**How to complete this task**. Leave the pictures out. Return all other data exactly.

**Records to use**.
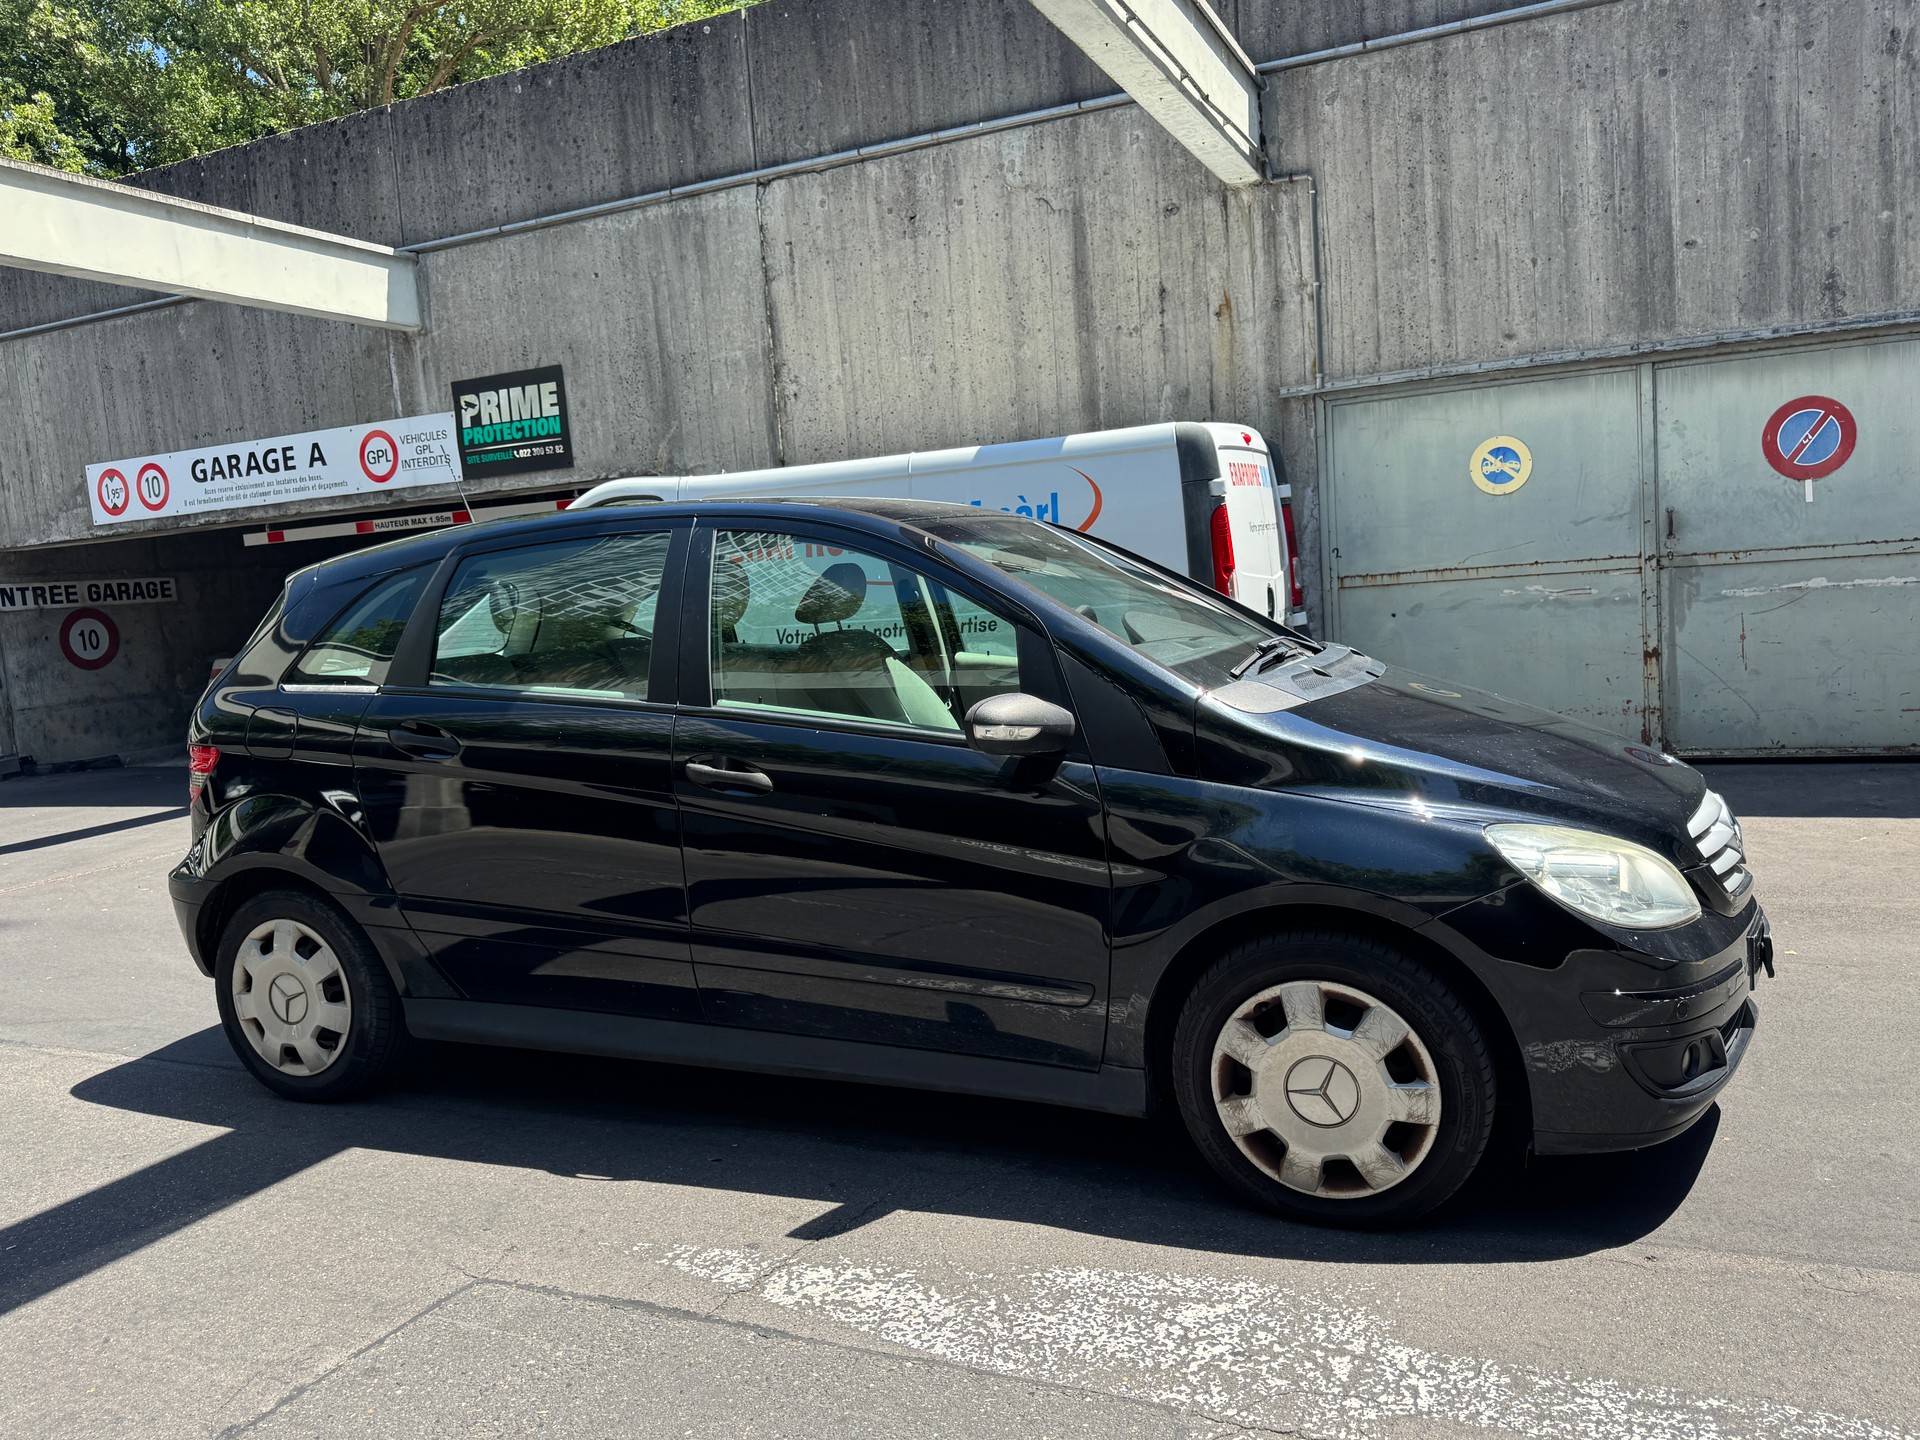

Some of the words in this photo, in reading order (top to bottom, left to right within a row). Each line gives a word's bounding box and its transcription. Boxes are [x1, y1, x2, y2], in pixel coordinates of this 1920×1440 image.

[460, 381, 559, 428] PRIME
[399, 429, 448, 445] VEHICULES
[463, 416, 561, 446] PROTECTION
[366, 448, 392, 465] GPL
[415, 444, 434, 455] GPL
[466, 455, 480, 464] SITE
[519, 448, 532, 458] 022
[191, 446, 296, 483] GARAGE
[308, 442, 328, 468] A
[401, 453, 451, 469] INTERDITS
[144, 475, 161, 499] 10
[1000, 492, 1059, 524] àrl
[374, 518, 410, 530] HAUTEUR
[411, 516, 428, 527] MAX
[430, 515, 452, 524] 1.95m
[86, 580, 173, 602] GARAGE
[873, 622, 906, 639] notr
[960, 616, 998, 634] rtise
[78, 629, 100, 651] 10

**Output below**.
Some of the words in this photo, in reading order (top to bottom, left to right within a row). Each line gives a word's bounding box and its transcription. Boxes are [x1, y1, x2, y2], in pixel coordinates of this 1920×1440 image.

[460, 381, 559, 428] PRIME
[399, 429, 448, 445] VEHICULES
[463, 416, 561, 446] PROTECTION
[366, 448, 392, 465] GPL
[415, 444, 434, 455] GPL
[466, 455, 480, 464] SITE
[519, 448, 532, 458] 022
[191, 446, 296, 483] GARAGE
[308, 442, 328, 468] A
[401, 453, 451, 469] INTERDITS
[144, 475, 161, 499] 10
[1000, 492, 1059, 524] àrl
[374, 518, 410, 530] HAUTEUR
[411, 516, 428, 527] MAX
[430, 515, 452, 524] 1.95m
[86, 580, 173, 602] GARAGE
[873, 622, 906, 639] notr
[960, 616, 998, 634] rtise
[78, 629, 100, 651] 10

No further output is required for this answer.